Farm-Scape, Episode 1493

The Canadian Food Inspection Agency expects to begin phasing in new rules governing the manufacture of medicated livestock feeds in January 2005.

The Canadian Food Inspection Agency is in the midst of a series of public information meetings to inform stakeholders of the implications of new medicated feed mixing regulations and gather input on the new rules.

The proposed regulations were initially published in early 2000 but the process was put on hold pending the allocation of federal funding for administration, delivery and enforcement. CFIA Feed Evaluation Coordinator Judy Thompson says the goal of the new licensing requirements is to improve food safety.

"The regulations that we're talking about are the regulations respecting the making of medicated feed. What we're looking at is a set of minimum manufacturing standards to enhance the protection of animal health and food safety.

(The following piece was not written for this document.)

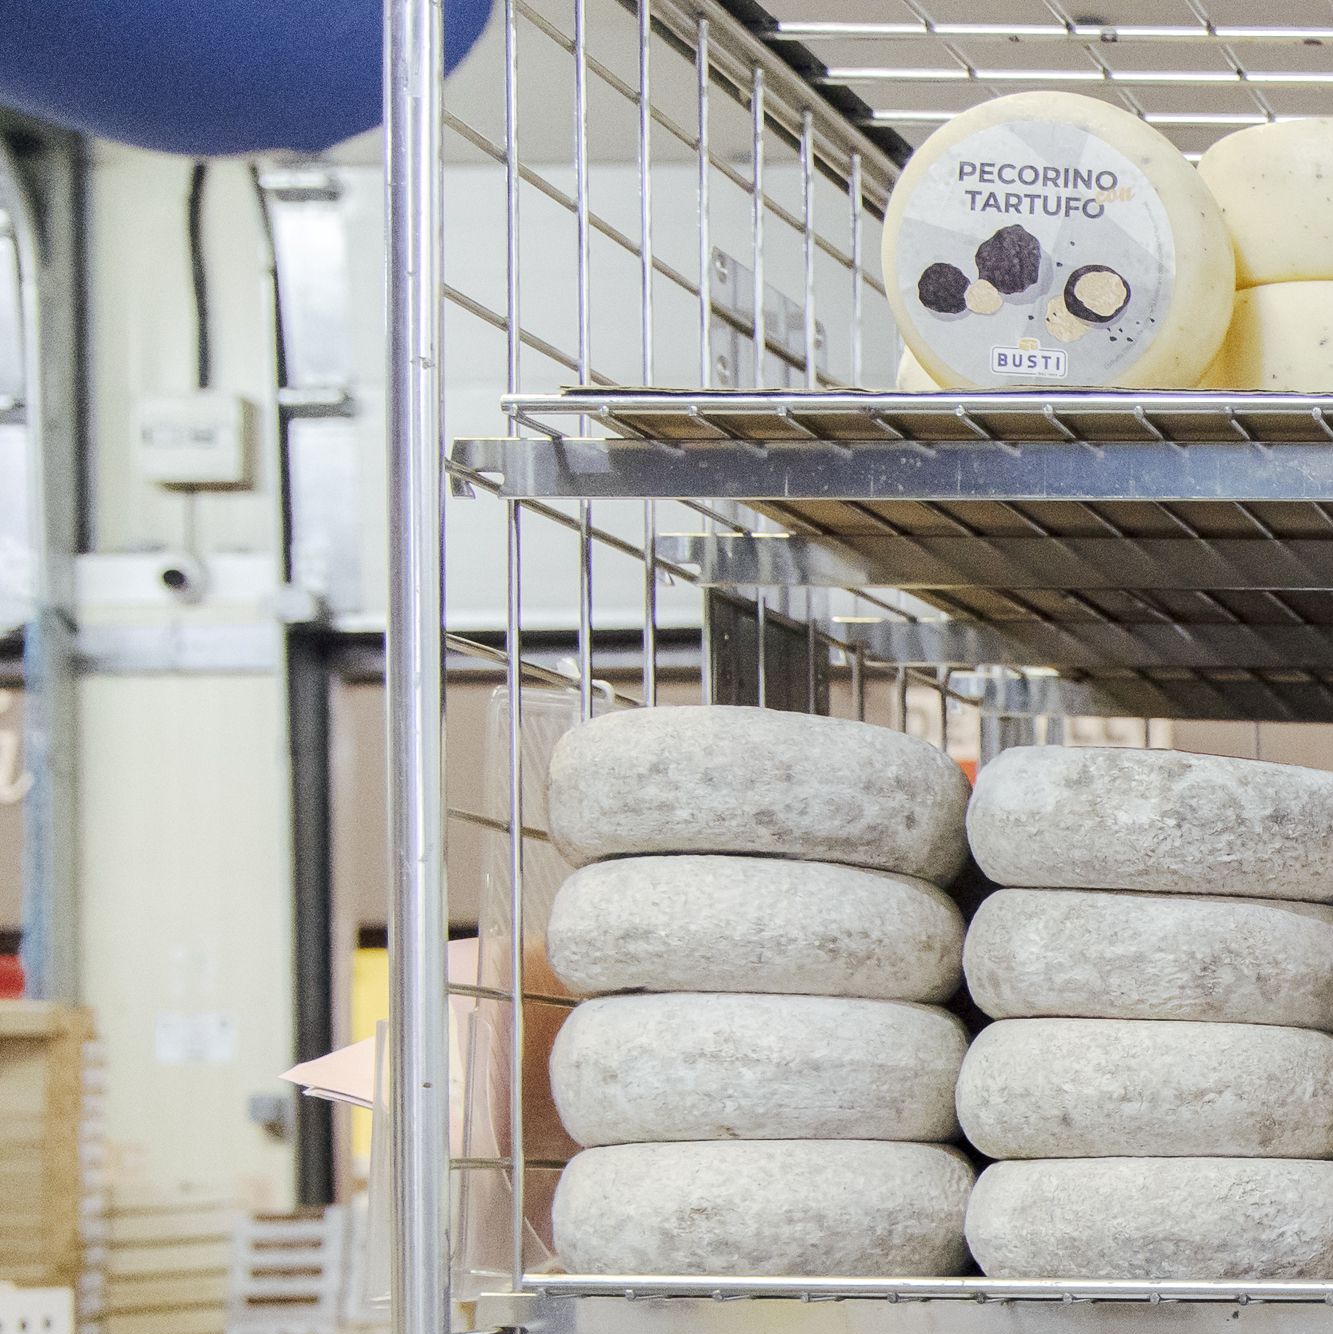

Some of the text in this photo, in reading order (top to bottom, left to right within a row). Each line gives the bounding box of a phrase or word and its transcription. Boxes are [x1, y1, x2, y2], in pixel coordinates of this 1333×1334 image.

[958, 161, 1118, 192] PECORINO
[964, 190, 1105, 219] TARTUFO
[997, 352, 1060, 371] BUSTI

We're looking at mixer performance testing, scale and metering device performance testing, equipment cleanout procedures, recall procedures, those kinds of things to make sure that medications are used properly and if there is, by some happenstance, an error made that appropriate steps are taken to limit the damage caused by that error.

We're trying to meet two basic objectives. One of them is that, when you make a medicated feed, that it contains the right levels and the second one is that any carryover during the manufacture of medicated feed is targeted to low risk feeds.

There is basically the scale and metering device testing on an annual basis, the mixer performance testing on an annual basis and a requirement to have cleanout procedures that target any carryover to the lower risk feeds".

The series of information meetings will conclude early next month and the new regulations are expected to be published in Canada Gazzette-1 in July followed by a 90 day comment period. Thompson says the goal is to publish the regulation in Canada Gazzette-2 in January 2005 at which point the three year phase in period will begin.

For Farmscape.Ca, I'm Bruce Cochrane.